New survey data from The MRO strategy gap: The overlooked lever for margin growth reveals a striking contrast. While 48% of procurement executives cite high inventory spend as a top challenge, including 61% in the United States, 32% of operations leaders report frequent stockouts of critical spare parts. These two realities, when placed side by side, point to a shared underlying issue: a lack of visibility into what inventory is actually available, where it is located, and whether it can be accessed when needed.
Figure 1: Top MRO challenges currently faced by teams & Figure 2: Top MRO challenges currently faced by procurement and
supply chain teams*
*Both questions allowed more than one answer and as a result, percentages will add up to more than 100%
The problem is clear: procurement and operations teams are both dealing with the consequences of poor MRO management, but from different angles.
On one hand, procurement leaders are under pressure to manage costs and reduce excess inventory. Yet without clear, centralized inventory data across all sites, they often end up buying parts at a high price or purchasing parts that already exist elsewhere in the organization. These decisions drive up total inventory spend while offering little added value.
On the other hand, operations teams are tasked with ensuring uptime and avoiding delays caused by missing parts. But despite the volume of parts in stock, many still report stockouts of critical items. Often, the part they need may even exist somewhere in the system, but it is just not visible, accessible, or properly categorized.
This results in emergency purchases, production delays, and unnecessary downtime. The irony is clear: teams are surrounded by inventory, yet lack the right part at the right time to keep machines running.
At the center of the problem is a lack of reliable, accessible spare parts data. Inventory systems across manufacturing sites are often fragmented, outdated, or managed locally. Many companies rely on spreadsheets, isolated ERP modules, or manual processes to track spare parts. As a result, there is no single source of truth for MRO inventory across the organization.
This leads to duplication, inconsistent naming conventions, and limited ability to optimize stock levels. It also prevents effective collaboration between procurement and maintenance teams, who often work with entirely different information sets.
The impact of this fragmentation is twofold. First, it creates financial inefficiencies. Excess stock consumes working capital and increases carrying costs, all while failing to improve readiness. Second, it drives operational risk. Stockouts mean downtime, lost productivity, and reactive spending, all of which could be avoided with better planning and transparency.
This is not simply a case of misalignment between departments. The disconnect is structural and systemic. In many organizations, MRO responsibilities are split across functions, regions, and business units. There is often no centralized ownership or consistent process for cataloging, purchasing, and sharing spare parts across sites.

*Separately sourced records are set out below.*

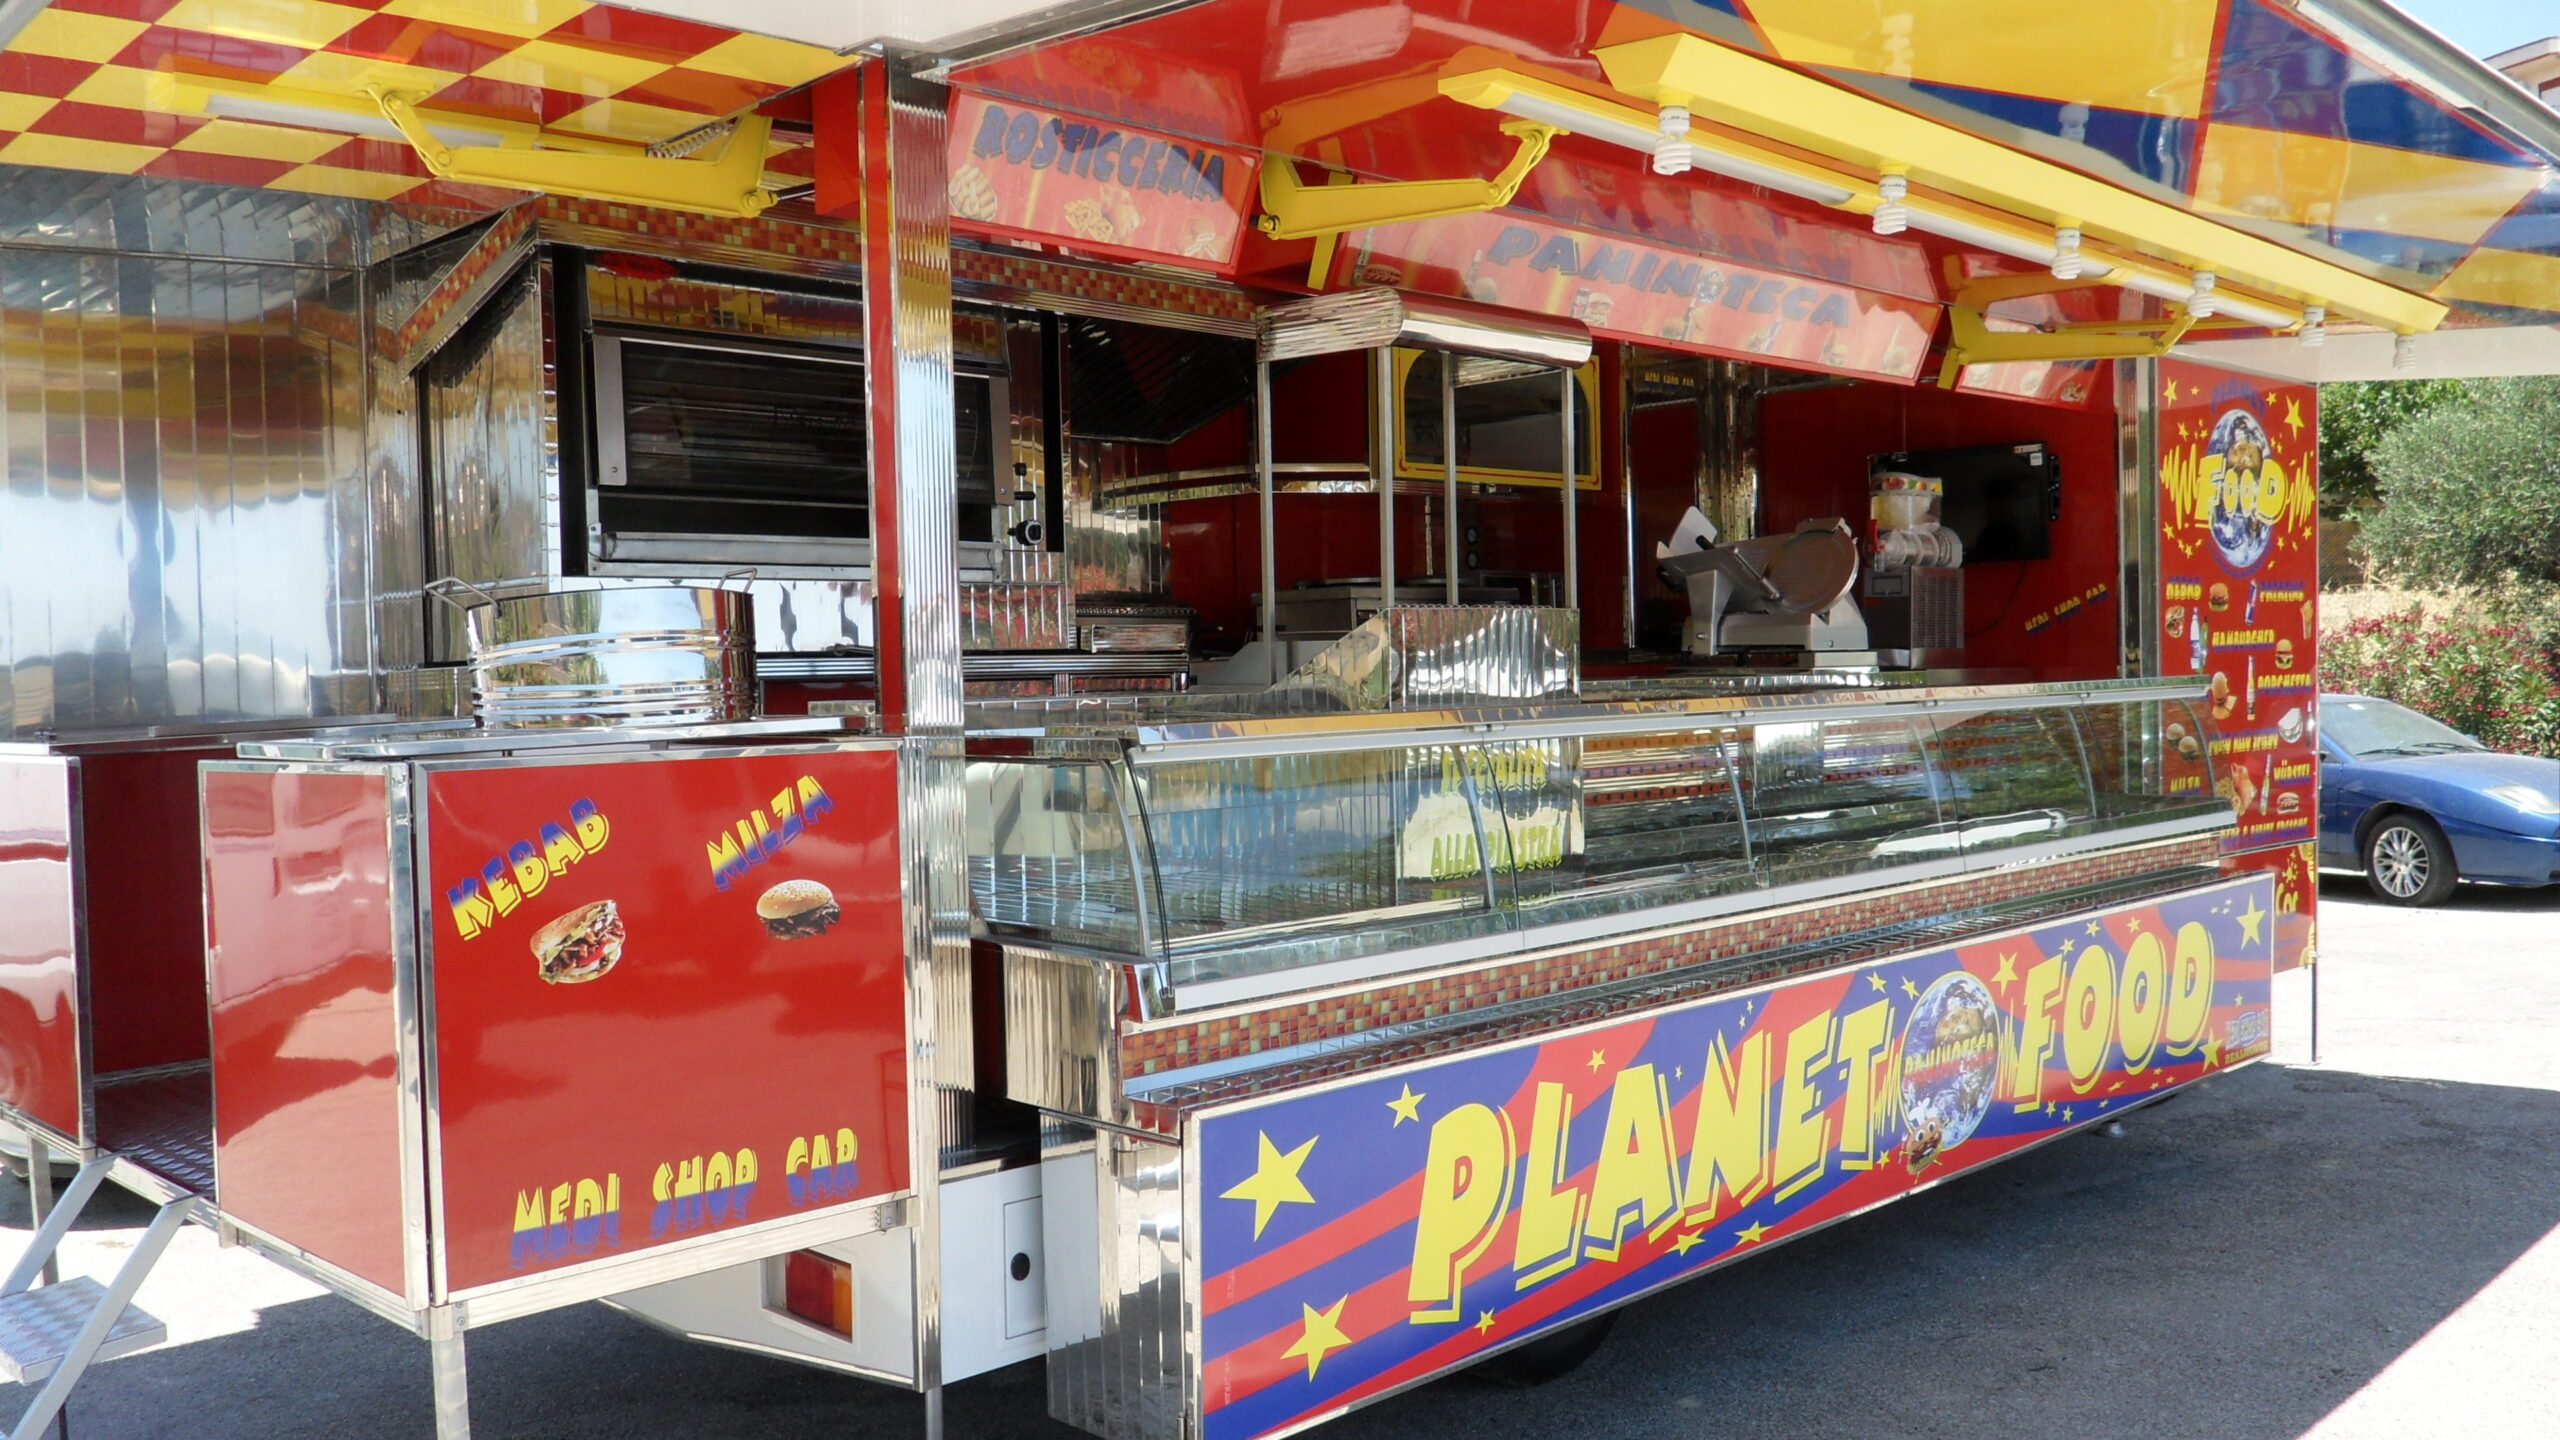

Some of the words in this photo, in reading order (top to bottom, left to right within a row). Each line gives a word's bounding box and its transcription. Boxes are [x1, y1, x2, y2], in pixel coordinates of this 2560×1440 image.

[973, 104, 1225, 202] ROSTICCERIA
[2194, 453, 2289, 529] FOOD
[447, 797, 610, 941] KEBAB
[706, 775, 834, 892] MILZA
[1431, 833, 1479, 880] ALLA
[1484, 825, 1563, 875] PIASTRA
[1407, 998, 1895, 1324] PLANET
[2013, 921, 2215, 1114] FOOD
[510, 1173, 620, 1269] MEDI
[648, 1147, 758, 1239] SHOP
[784, 1127, 860, 1207] CAR

As organizations grow, these problems scale with them. The more production sites and supplier relationships a company manages, the harder it becomes to coordinate inventory strategy without dedicated systems. Local teams make local decisions, and visibility across the network disappears.
Even where efforts are made to standardize, outdated systems and inconsistent data make it difficult to identify which parts are truly needed, and which are already sitting on a shelf somewhere else.

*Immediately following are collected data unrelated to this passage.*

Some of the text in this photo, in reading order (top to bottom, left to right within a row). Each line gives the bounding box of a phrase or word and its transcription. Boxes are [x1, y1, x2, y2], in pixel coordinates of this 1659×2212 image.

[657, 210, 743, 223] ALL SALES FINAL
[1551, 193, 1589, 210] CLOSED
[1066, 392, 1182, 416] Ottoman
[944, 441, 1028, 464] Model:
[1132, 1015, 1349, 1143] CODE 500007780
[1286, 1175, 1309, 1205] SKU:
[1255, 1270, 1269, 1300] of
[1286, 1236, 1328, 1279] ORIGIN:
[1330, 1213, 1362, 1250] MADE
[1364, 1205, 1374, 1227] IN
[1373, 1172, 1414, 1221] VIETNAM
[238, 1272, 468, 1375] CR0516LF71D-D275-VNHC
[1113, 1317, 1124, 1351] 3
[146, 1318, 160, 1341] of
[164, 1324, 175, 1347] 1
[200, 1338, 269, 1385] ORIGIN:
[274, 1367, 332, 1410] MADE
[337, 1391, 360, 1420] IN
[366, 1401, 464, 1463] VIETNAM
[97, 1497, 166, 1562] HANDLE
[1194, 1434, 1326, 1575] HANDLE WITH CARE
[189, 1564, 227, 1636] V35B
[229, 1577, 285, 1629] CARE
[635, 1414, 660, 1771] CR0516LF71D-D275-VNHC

Closing the gap between spend and availability starts with building shared visibility across teams and sites. Procurement and operations teams need access to the same data, updated in real time and standardized across sites. With better visibility, procurement can avoid unnecessary purchases, and maintenance teams can access what they need faster.
This includes:
The goal is not to stock more “just in case”, but to enable smarter, data-driven decisions that ensure the right parts are available when and where they’re needed, without excess or delay. With clean spare parts data and visibility in place, companies can reduce costs, prevent downtime, and avoid buying what they already own. The goal is not just to reduce inventory spend or eliminate stockouts in isolation, but to address the system-level inefficiencies that enable both.
The fact that procurement and operations are struggling with two sides of the same issue is not just a coincidence — it is a signal. High inventory spend and critical part shortages are not isolated problems. They are the result of poor coordination, fragmented data, and a lack of shared visibility across the MRO function.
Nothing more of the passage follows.